I had managed, during the rather short period when I was with you, to establish a reasonable correlation between actuality and what I had created in my mind, between your physical being and the person I knew through letters. I had come to know and like the little things that make the differences in people—the sound of your voice, the way you tan, the languorous, comfortable way you curl up in a booth, the trick you have of licking the air with your tongue when discussing an idea, almost as though you were literally tasting it, the way you double your legs under you when sitting on a couch—all these things were making you at last a three-dimensional, and desirable, person. I knew, that last night, as I sat in the car and watched you talk as the moonlight played about your sensuous face and feminine body, that you were a woman I could easily love (as a real being, not as an ideal), although I knew at the same time that you have no inclination to brook any such idea.

Can you tell me something that you’ve never told anyone else?

I saw the Spice Girls in concert and their movie, Spice World. On opening night.

Shut up.

Is there anything you wish I’d asked you?

Will you “retire” from Sylvia Plath?

Bucket list?

It seems like travel is always a bucket list item: I’d like to see the Grand Canyon, to visit the area where Gail Crowther lives in England, visit Baseball Hall of Fame, and see a World Series game.

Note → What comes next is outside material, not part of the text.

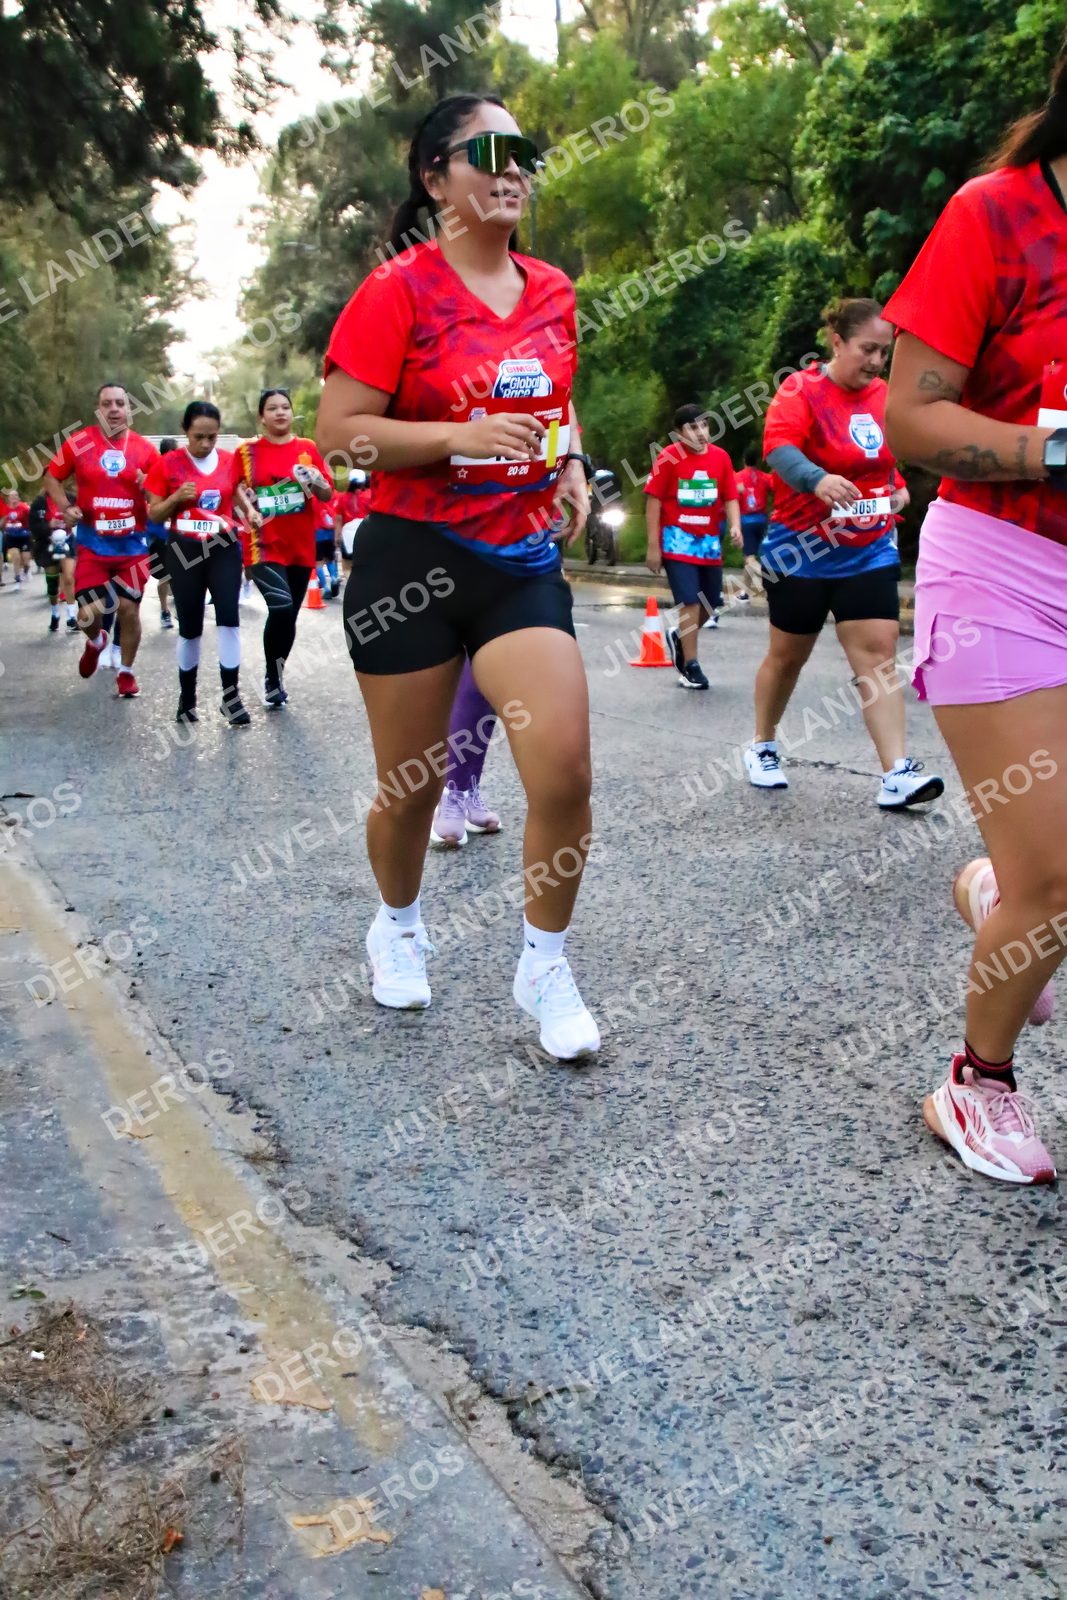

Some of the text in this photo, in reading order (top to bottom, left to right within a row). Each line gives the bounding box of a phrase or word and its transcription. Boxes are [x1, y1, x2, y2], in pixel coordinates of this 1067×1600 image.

Most recently checked-off items were to go to Pittsburgh (awesome city), visit New Zealand, and to catch a home run ball (admittedly it was during batting practice and there were about twelve people in the ballpark; I tracked it off the bat and positioned myself to catch it nonetheless).


Peter K. Steinberg is coeditor of the two-volume edition of The Letters of Sylvia Plath (Faber & Faber/HarperCollins, 2017/2018). He lives in the Boston area.

David Trinidad’s latest book is Swinging on a Star (Turtle Point Press, 2017). He lives in Chicago.